Phrase grounding data
********

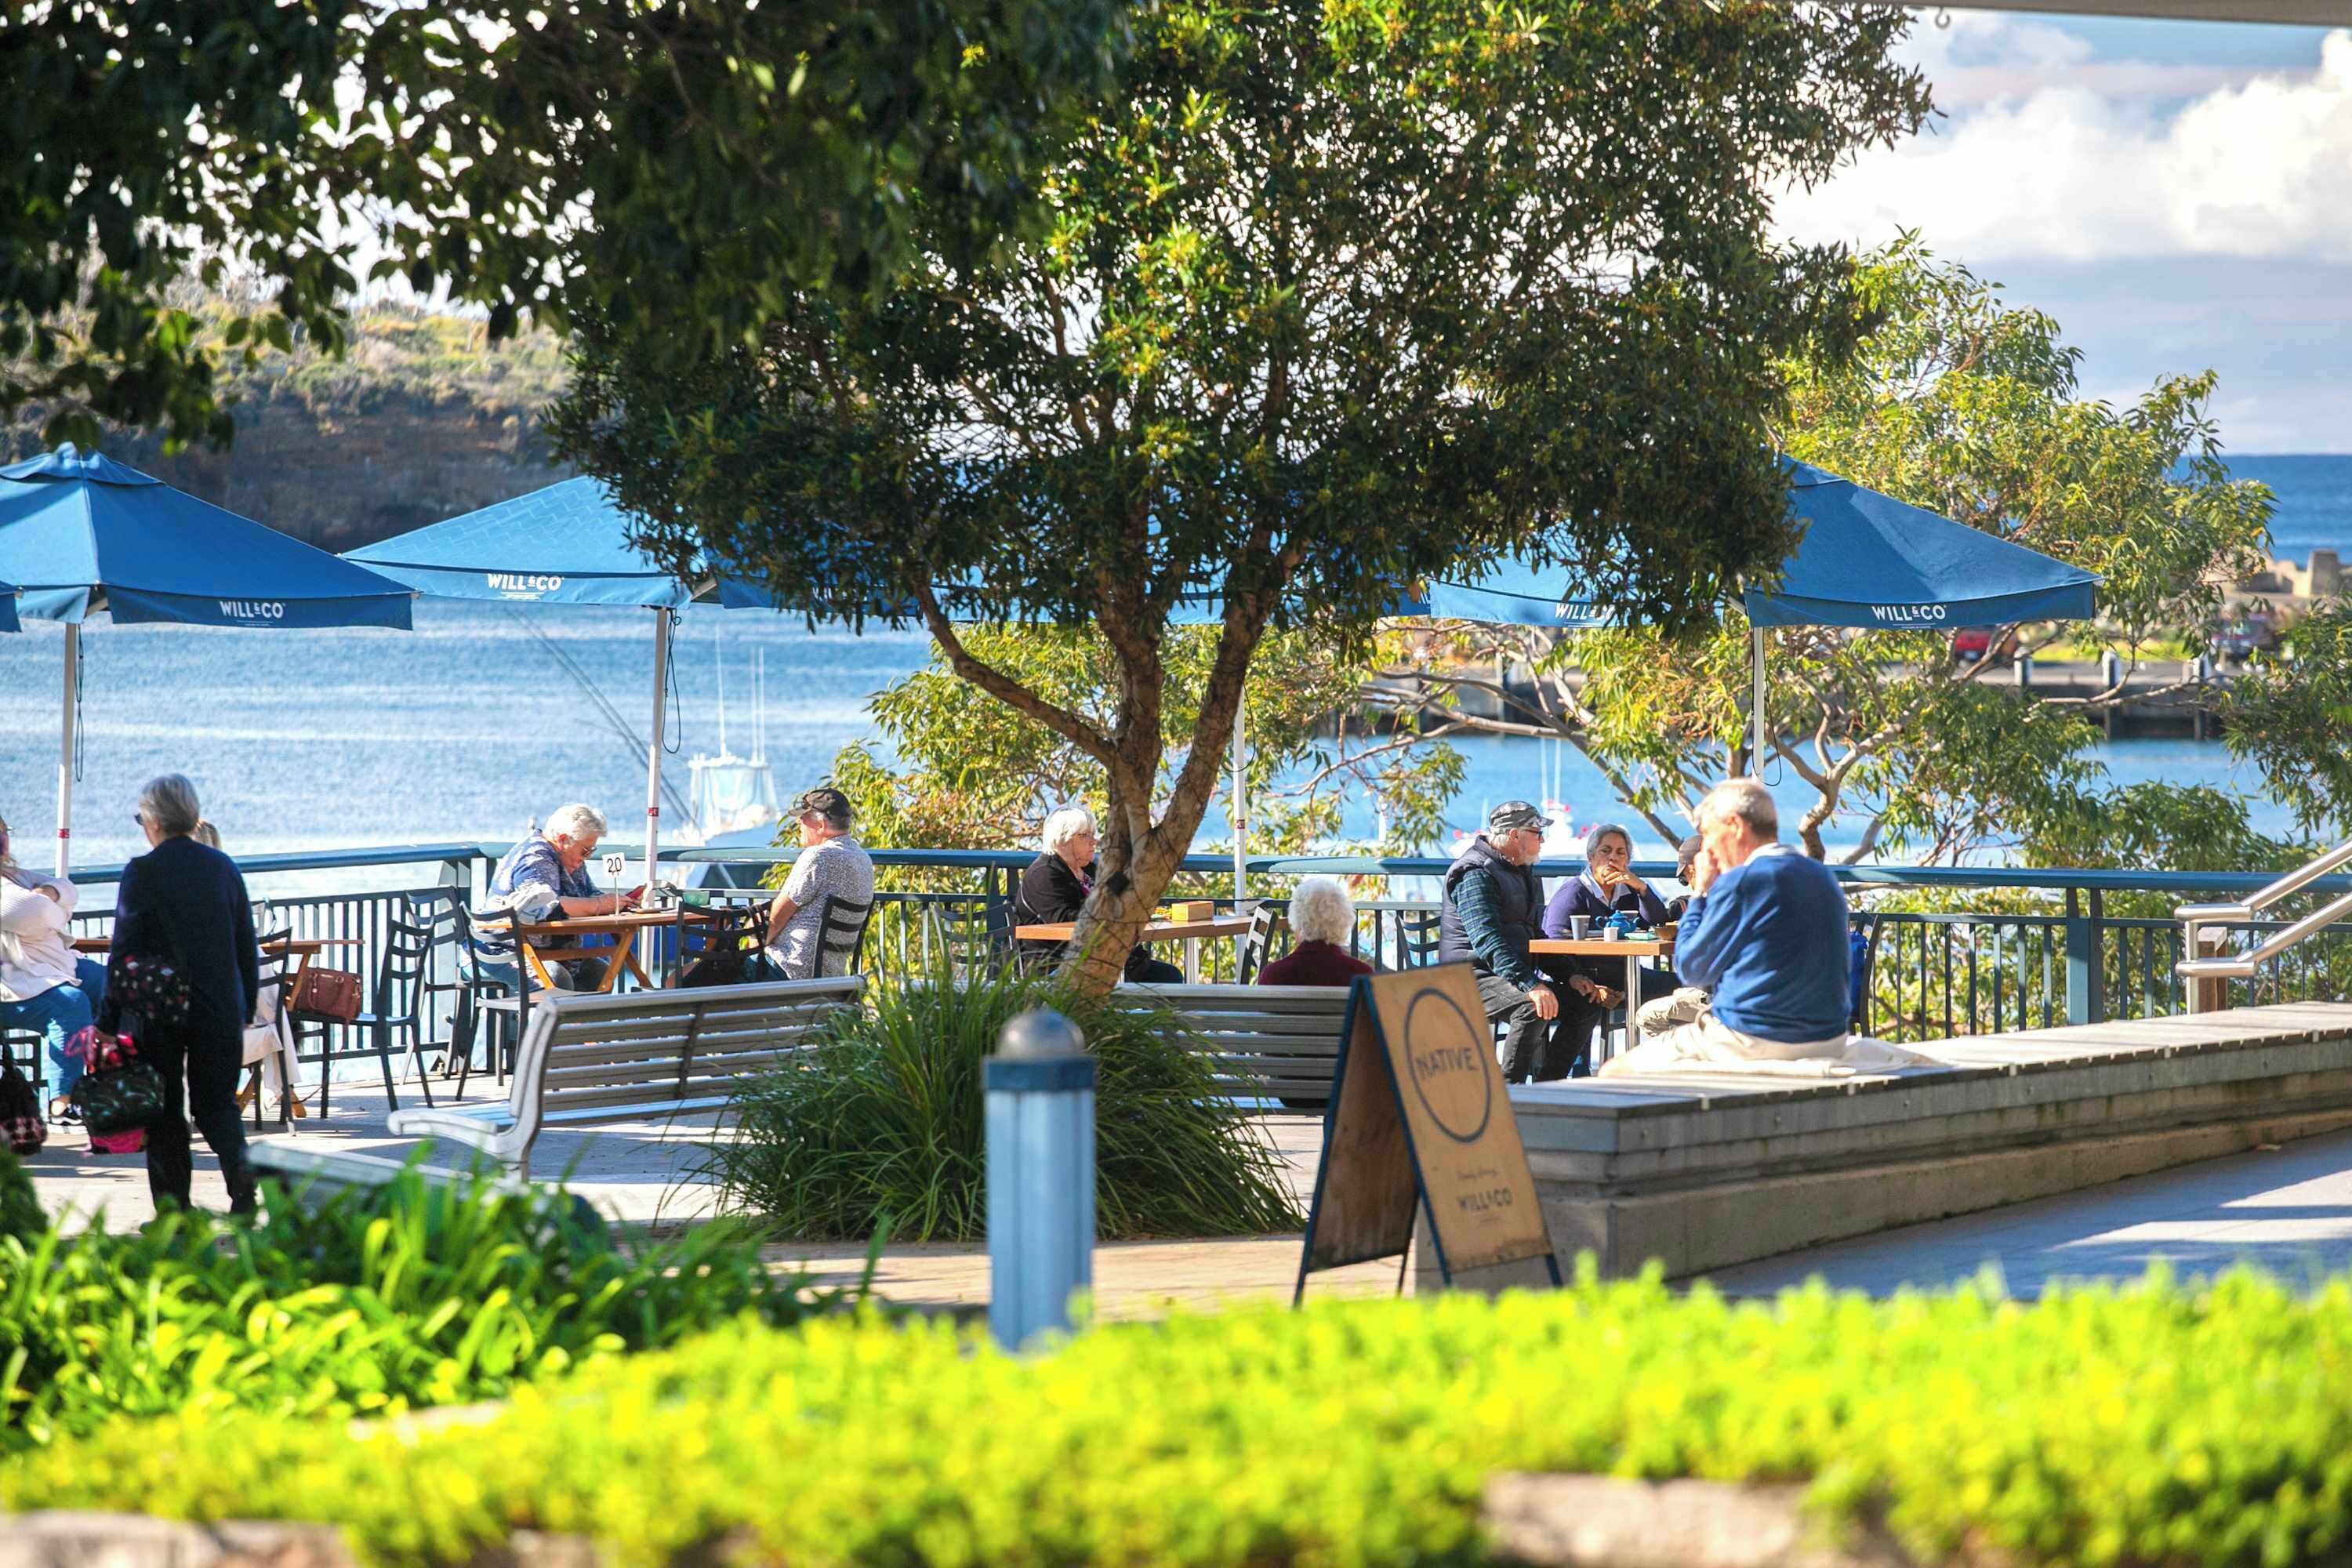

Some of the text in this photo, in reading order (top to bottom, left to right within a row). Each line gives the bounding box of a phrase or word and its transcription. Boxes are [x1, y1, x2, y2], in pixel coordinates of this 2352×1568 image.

[488, 573, 562, 591] WILL&CO
[220, 601, 284, 619] WILL&CO
[1871, 604, 1946, 621] WILL&CO
[607, 857, 622, 873] 20
[1416, 1047, 1479, 1077] NATIVE

********

- To do -
Repeat every entry exactly, but leave out the pictures.

- Exercise response -
Some of the text in this photo, in reading order (top to bottom, left to right within a row). Each line gives the bounding box of a phrase or word and its transcription. Boxes are [x1, y1, x2, y2], in pixel coordinates of this 2352×1568 image.

[488, 573, 562, 591] WILL&CO
[220, 601, 284, 619] WILL&CO
[1871, 604, 1946, 621] WILL&CO
[607, 857, 622, 873] 20
[1416, 1047, 1479, 1077] NATIVE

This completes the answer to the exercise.